::: Data to process :::
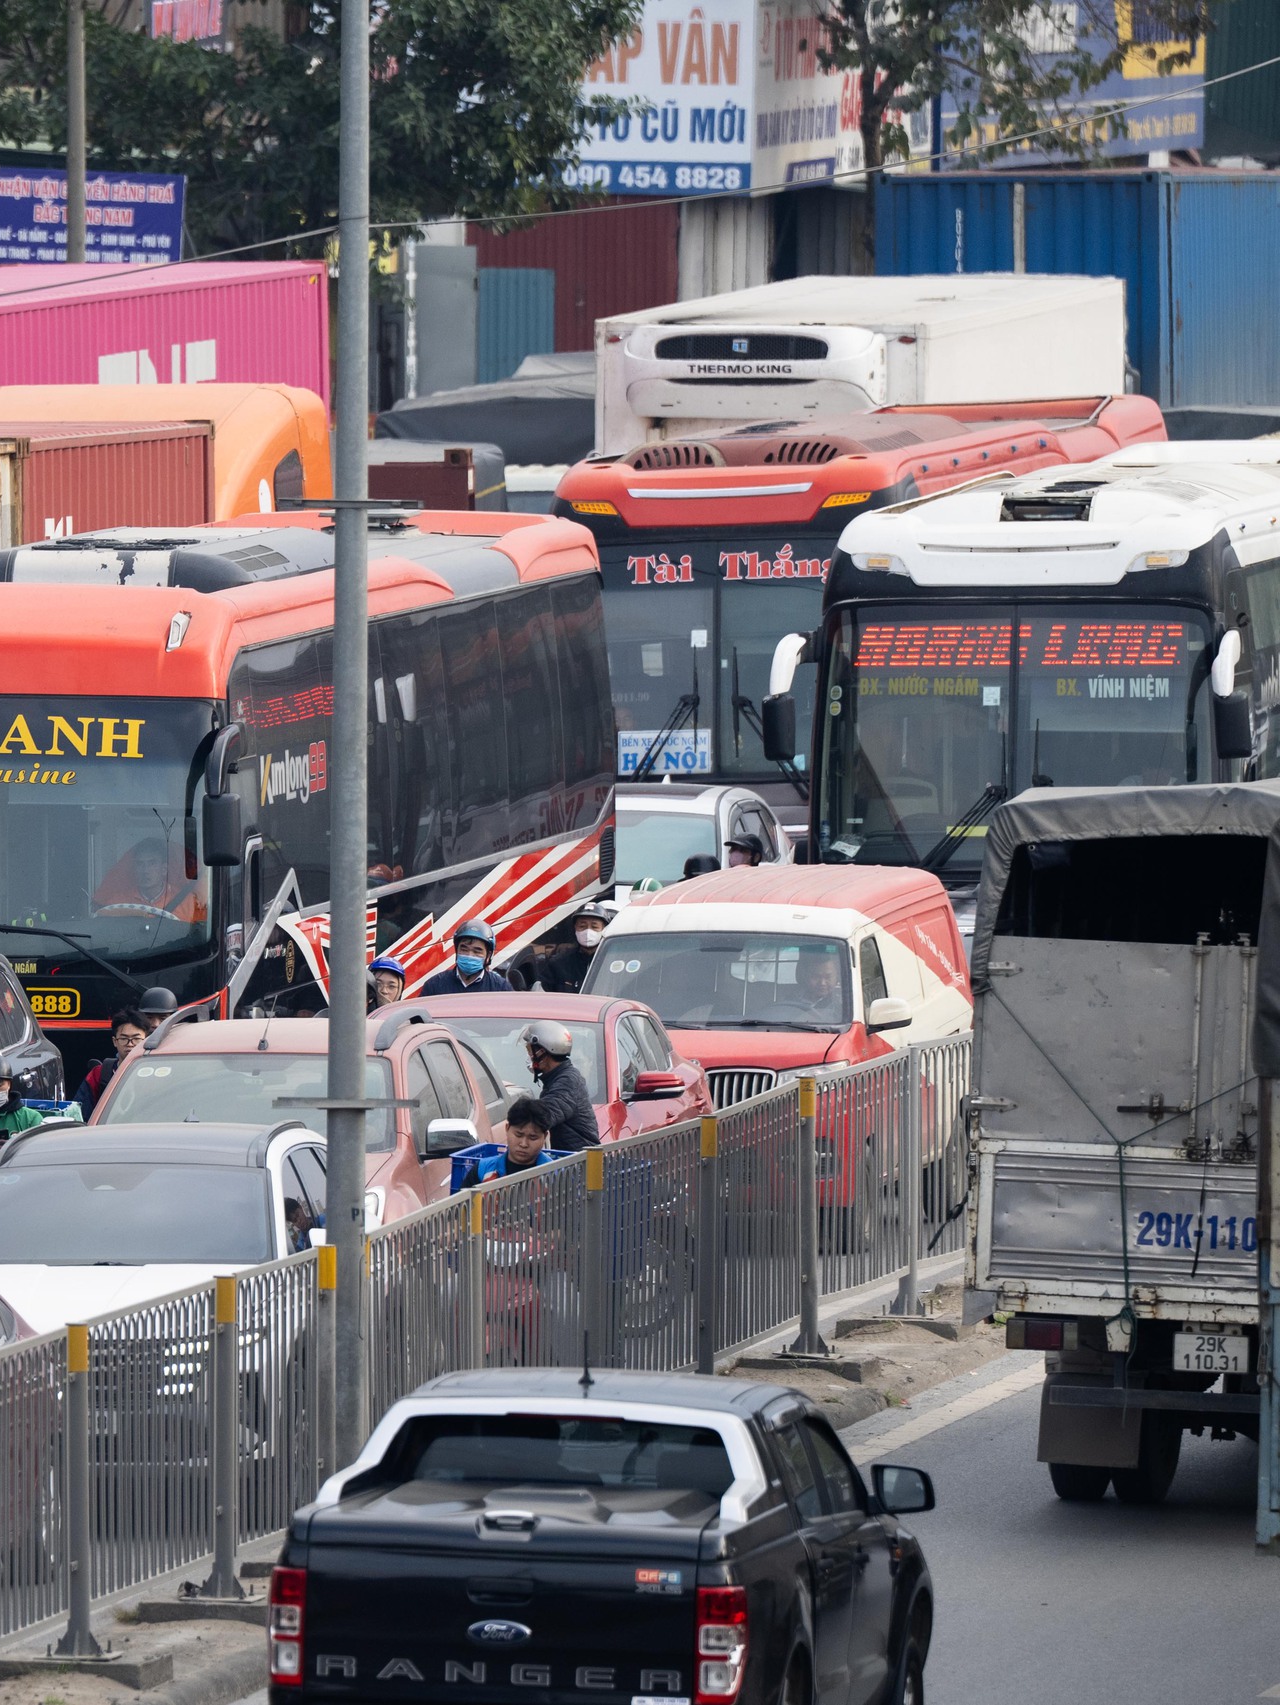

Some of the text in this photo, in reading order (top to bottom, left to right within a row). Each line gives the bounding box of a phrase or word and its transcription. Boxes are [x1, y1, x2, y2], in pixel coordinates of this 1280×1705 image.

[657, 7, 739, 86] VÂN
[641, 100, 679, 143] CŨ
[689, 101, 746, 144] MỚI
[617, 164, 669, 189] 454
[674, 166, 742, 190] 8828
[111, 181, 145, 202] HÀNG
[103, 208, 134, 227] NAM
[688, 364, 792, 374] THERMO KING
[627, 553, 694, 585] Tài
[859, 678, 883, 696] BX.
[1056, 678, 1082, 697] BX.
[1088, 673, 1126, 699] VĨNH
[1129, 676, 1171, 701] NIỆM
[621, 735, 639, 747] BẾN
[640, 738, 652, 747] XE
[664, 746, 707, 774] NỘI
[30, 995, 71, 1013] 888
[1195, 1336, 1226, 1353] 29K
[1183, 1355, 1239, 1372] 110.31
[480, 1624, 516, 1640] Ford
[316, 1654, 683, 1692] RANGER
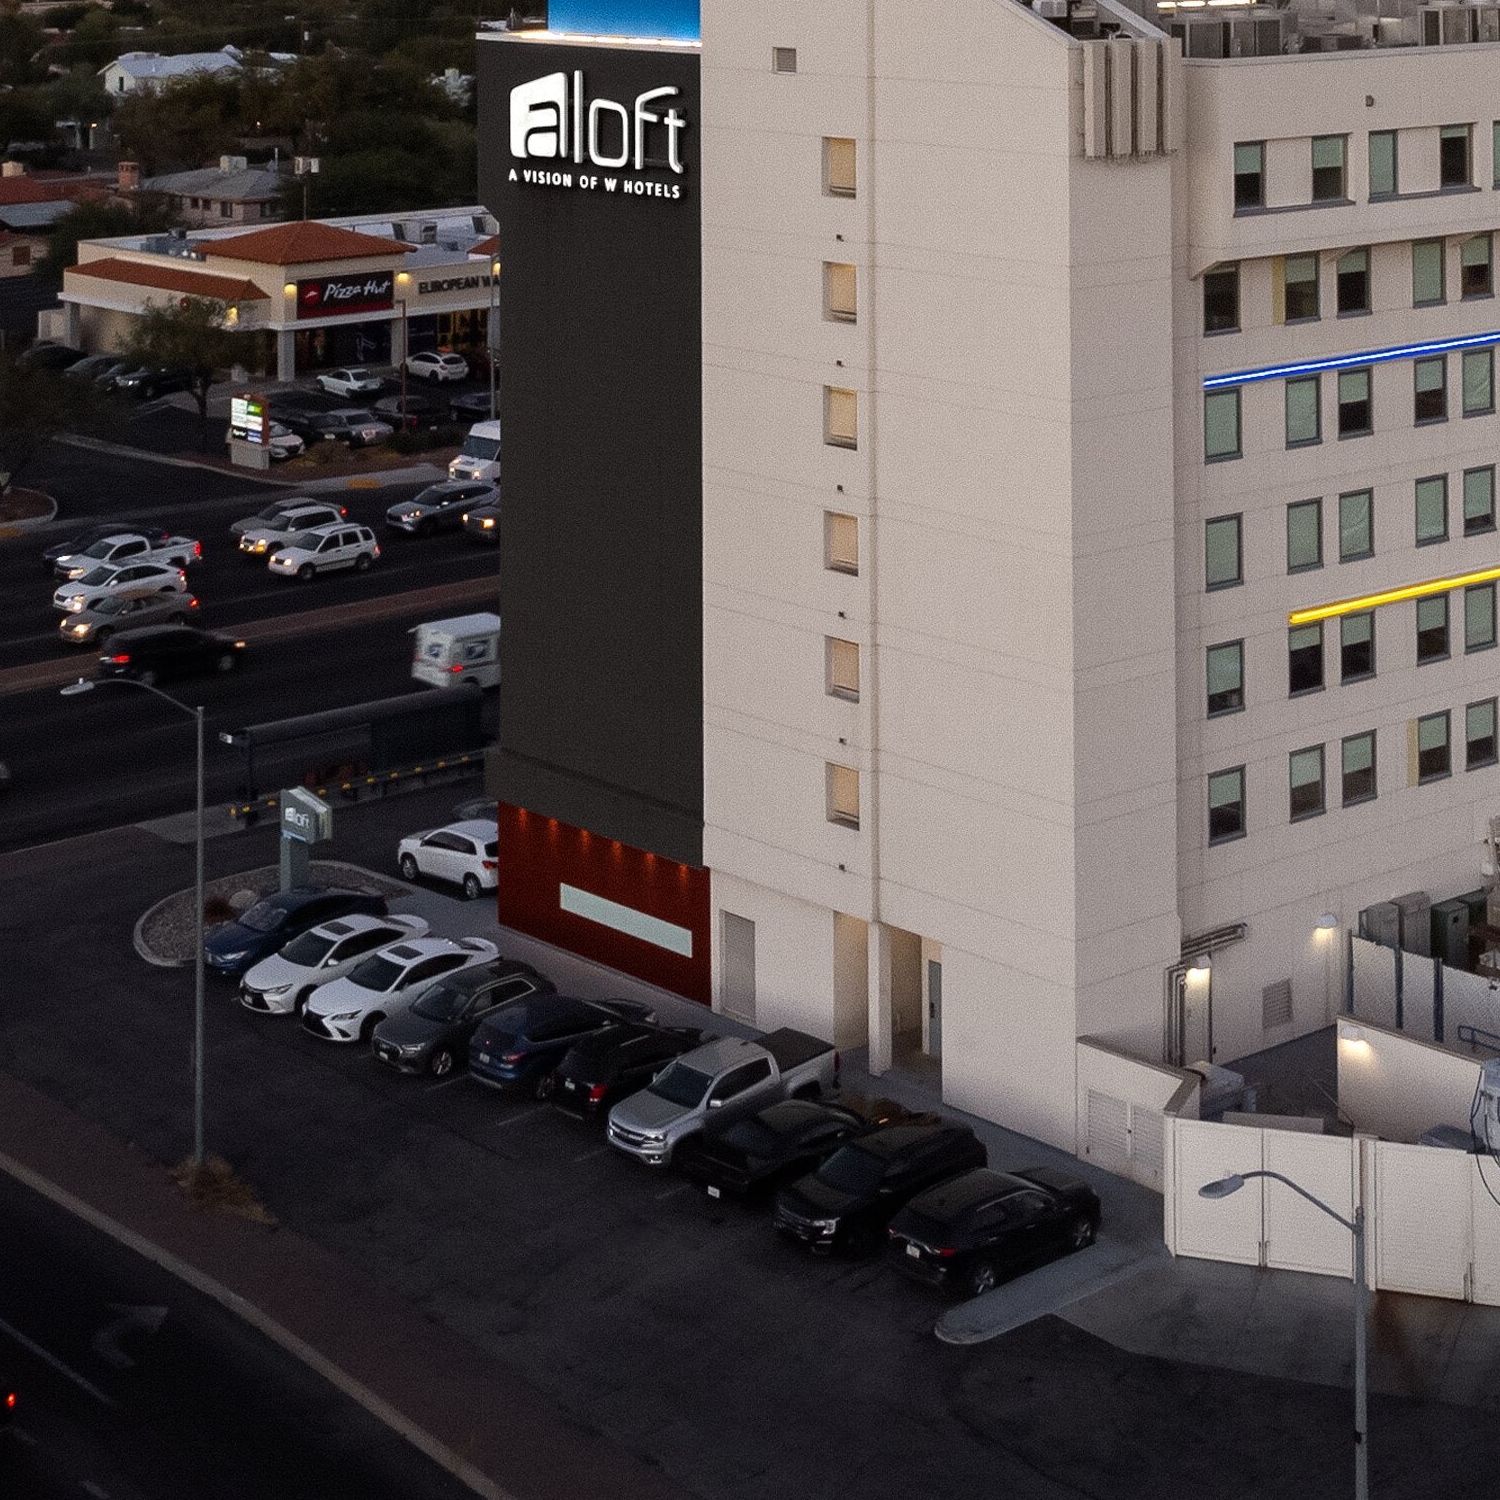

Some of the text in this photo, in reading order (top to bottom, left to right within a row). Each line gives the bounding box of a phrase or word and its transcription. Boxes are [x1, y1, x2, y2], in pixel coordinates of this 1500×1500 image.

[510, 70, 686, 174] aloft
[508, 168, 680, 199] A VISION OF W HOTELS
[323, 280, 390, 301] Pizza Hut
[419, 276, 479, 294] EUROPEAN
:::
| About this task |
Retype exactly the lines from the one containing "this 1500×1500 image." through the end of the data. Add nothing.

| Solution to this problem |
Some of the text in this photo, in reading order (top to bottom, left to right within a row). Each line gives the bounding box of a phrase or word and its transcription. Boxes are [x1, y1, x2, y2], in pixel coordinates of this 1500×1500 image.

[510, 70, 686, 174] aloft
[508, 168, 680, 199] A VISION OF W HOTELS
[323, 280, 390, 301] Pizza Hut
[419, 276, 479, 294] EUROPEAN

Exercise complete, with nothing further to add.